この新しいルールは、早ければ2020年3月にも適用される見込みとなっています。私は、今回のグラスルイスの常設化が、日本企業のコーポレート・ガバナンス(企業統治)を一段上のステージへ引き上げる契機になると考えています。助言会社が日本に根を張ることで、企業の経営状況をより多角的かつ緻密に分析できる環境が整うからです。これは、不透明な経営判断を許さないという市場からの強いメッセージとして、企業側にも良い緊張感をもたらすはずです。

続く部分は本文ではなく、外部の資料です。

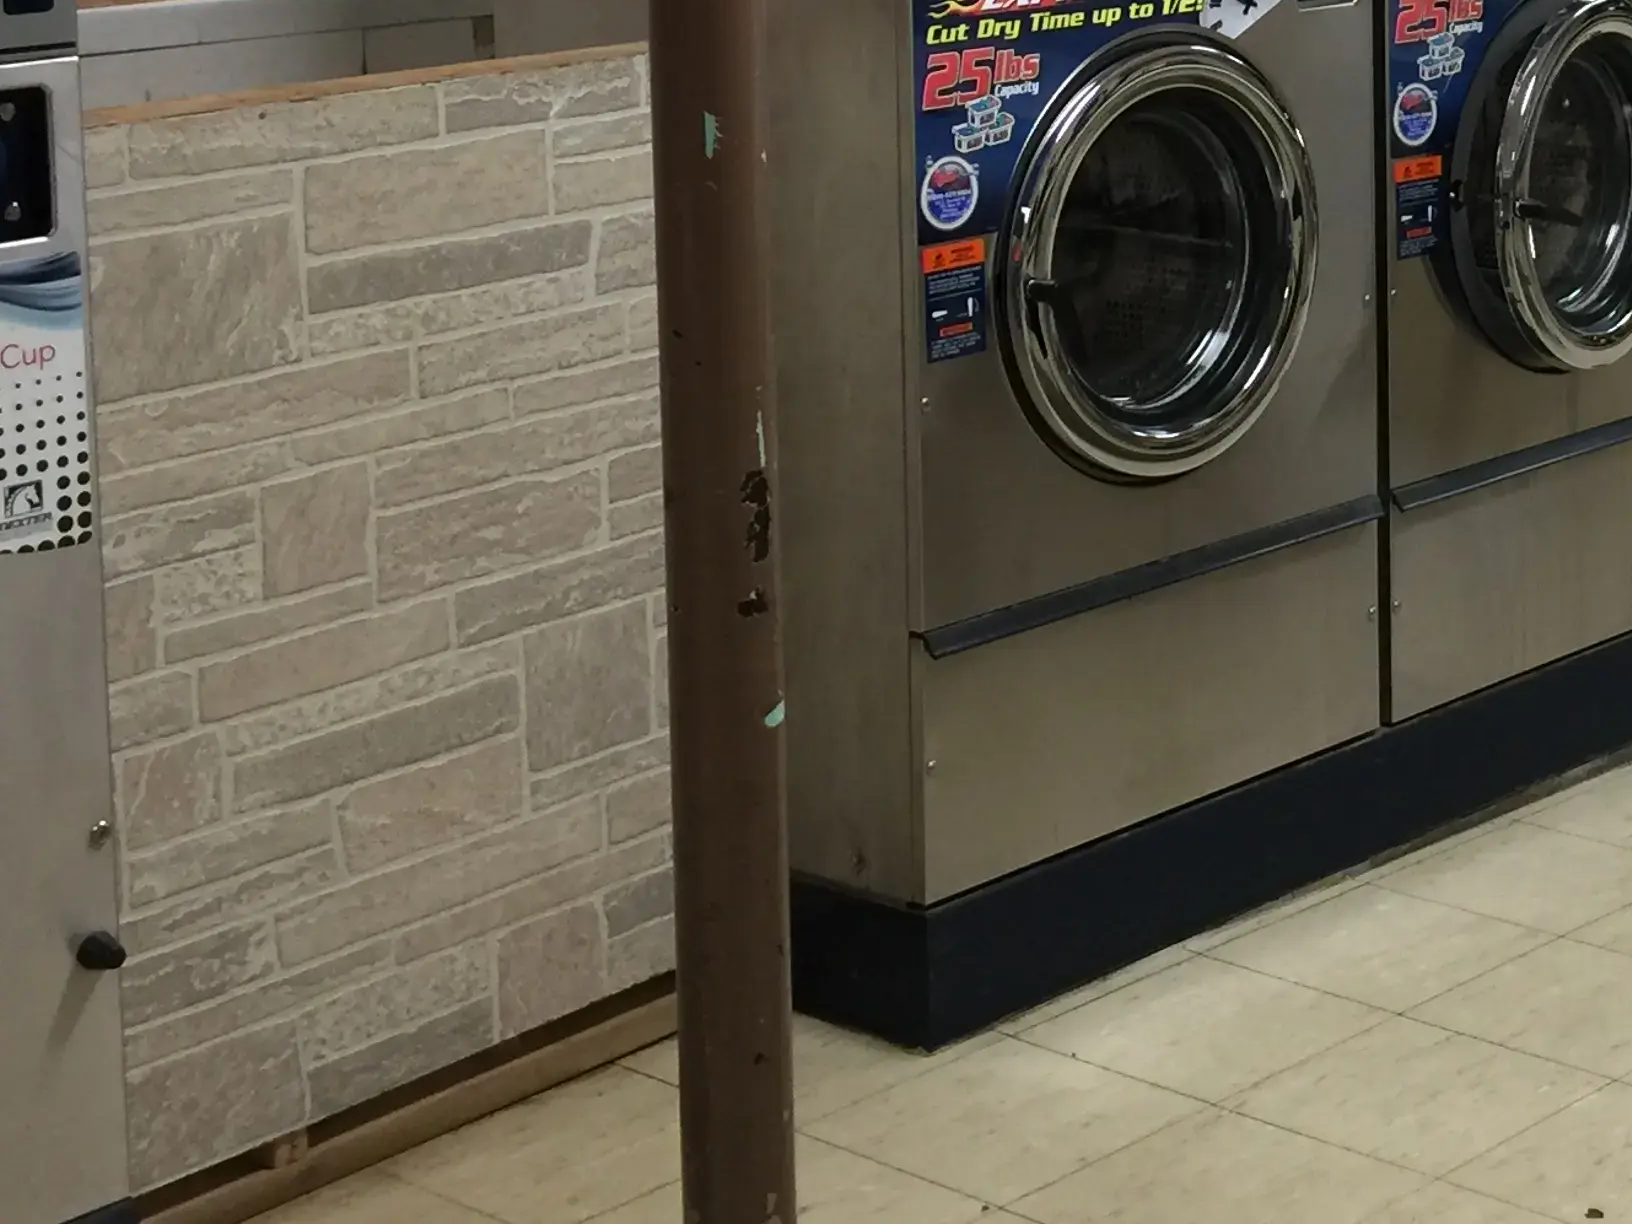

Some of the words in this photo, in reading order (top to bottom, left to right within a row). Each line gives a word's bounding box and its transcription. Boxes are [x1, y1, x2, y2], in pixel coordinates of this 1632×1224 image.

今後、日本の株式市場はグローバルな基準での対話がさらに求められる時代に突入します。グラスルイスのような世界基準の視点を持つ組織が東京で常時監視の目を光らせることは、個人投資家にとっても、より健全な市場形成への期待を抱かせる明るいニュースだと言えるでしょう。2020年は、日本の資本市場にとって「対話の質」が問われる記念すべき一年になりそうです。変化を恐れず、世界から選ばれる市場への進化を期待せずにはいられません。